Só o sistema capitalista permite esta aberração: aparece um vírus novo, com capacidade para infectar milhões e de matar (se bem que numa percentagem muito baixa) e temos que esperar que haja donativos ou que as farmacêuticas baixem os preços.
Donativos
Resta acrescentar que entre os beneméritos accionistas da Gilead Sciences, empresa com a patente do Tamiflu (apesar deste ser produzido pela empresa suíça Roche), está Donald Rumsfeld (que chegou a presidir a empresa de 1997 a 2001, quando entrou no governo Bush) e que na actual direcção estão o ex-secretário de Estado dos Estados Unidos George Schultz e a mulher do ex-governador da Califórnia Pete Wilson.
Andrew McDonalds, da Think Equity Partners, de São Francisco, disse à CNN em Outubro de 2005, “que não conhecia uma empresa farmacêutica com ligações politicas tão boas”.
Os lucros que esta empresa vai alcançar com o Tamiflu são impensáveis: segundo o U.S. Centers of Disease Control, vão alcançar 250 milhões de dólares. E a OMS a pedir donativos…
Vacina
No que à produção da vacina diz respeito e numa situação de procura tão desmesurada como esta (vírus novo), os desequilíbrios são escandalosos. Países como o Brasil só deverão ter acesso à vacina em 2010, enquanto em França a encomenda de vacinas excede a população.
O capitalismo tenta lucrar com tudo, transformando a saúde numa mercadoria como qualquer outra. De 24 a 29 de Abril de 2009, enquanto o alarme da gripe A tocava no mundo inteiro, as acções da Gilead subiam 4%. Há gente que enriquece com a saúde dos outros. Pior: há gente que enriquece com a doença e com a morte dos outros.
Há gente que tem doenças graves e há gente que morre devido a estas políticas erradas, desumanas e escandalosas.
Saúde gratuita
Torna-se óbvio que não devem ser indústrias privadas a produzir medicamentos e a sujeitar os governos e as pessoas a preços que obrigam a que haja prejuízo de saúde para seja quem for.

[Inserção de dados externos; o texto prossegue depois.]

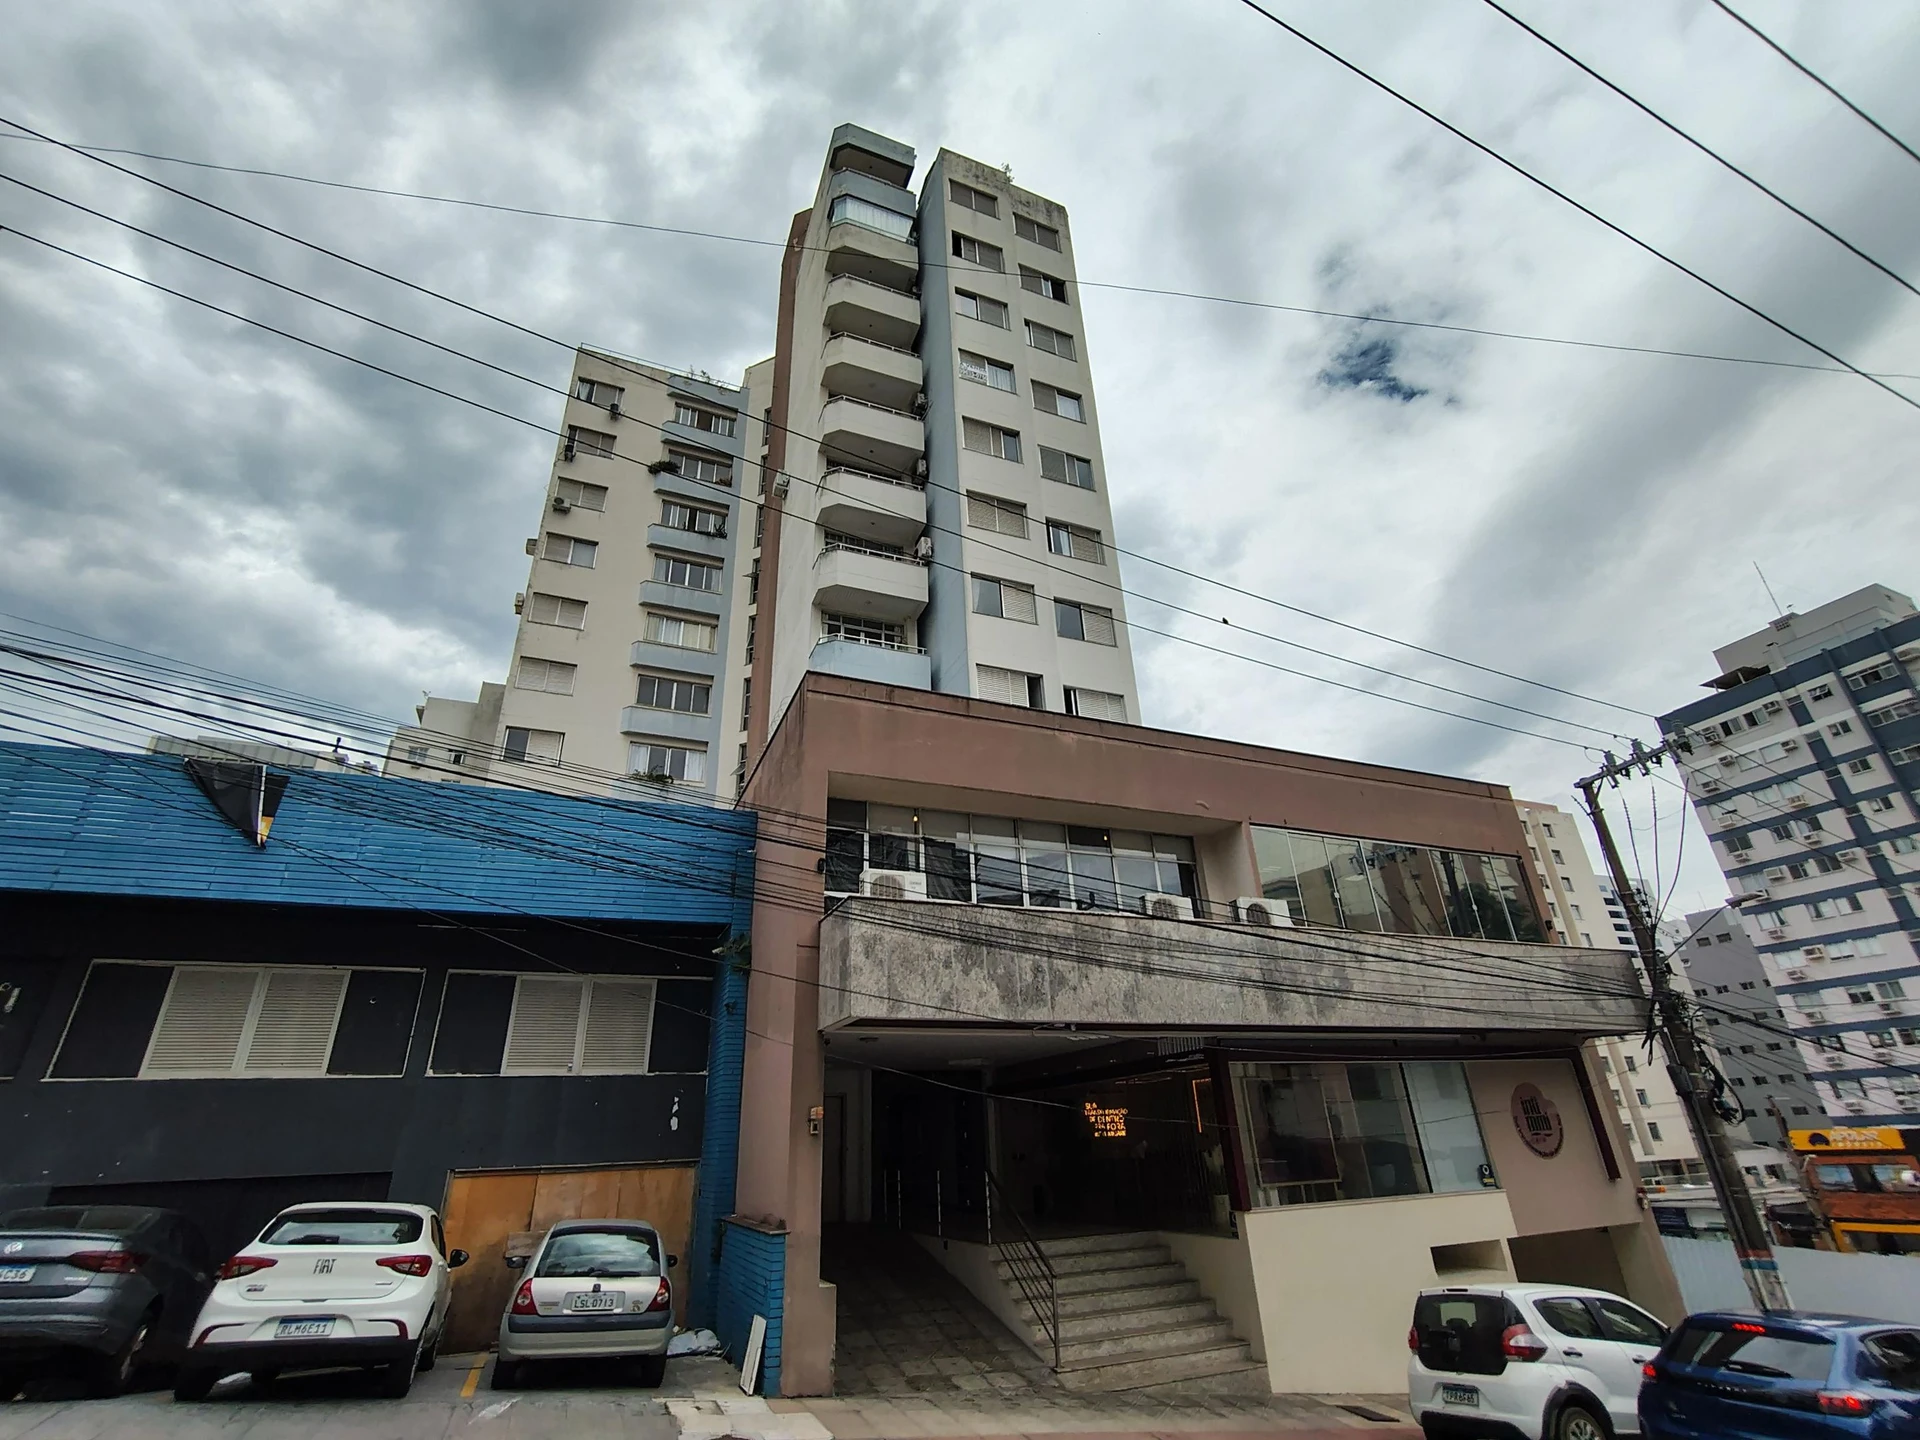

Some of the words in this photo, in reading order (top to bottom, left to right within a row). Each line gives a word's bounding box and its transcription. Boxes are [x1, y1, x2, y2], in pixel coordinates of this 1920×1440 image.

[313, 1259, 337, 1274] FIAT
[0, 1268, 27, 1280] C36
[280, 1323, 328, 1335] RLM6E11

Devem ser os próprios estados a produzir os medicamentos consoante as necessidades dos seus países sem que nenhum cidadão fique de fora.
É também inadmissível que, em pleno século XXI, quando o homem já consegue coisas inacreditáveis como viajar no espaço ou até curar doenças que há uns anos tinham prognósticos péssimos, ainda existam pessoas sem cuidados dignos de saúde.
Só uma saúde gratuita, universal e pública pode garantir isso (segundo a OMS, os melhores índices são de países com menor peso do sector privado na saúde).
A gripe A será uma pandemia que não custará mais que uns dias de cama para muitos. Mas são os mais pobres que têm maior probabilidade de sofrer as maiores complicações graças às injustiças fomentadas pelo capitalismo. É urgente que as populações se unam pelo fim destas barbaridades.
Pelo fim das patentes! Pela produção planificada dos medicamentos pelo estado! Por uma saúde pública, universal, gratuita e de qualidade!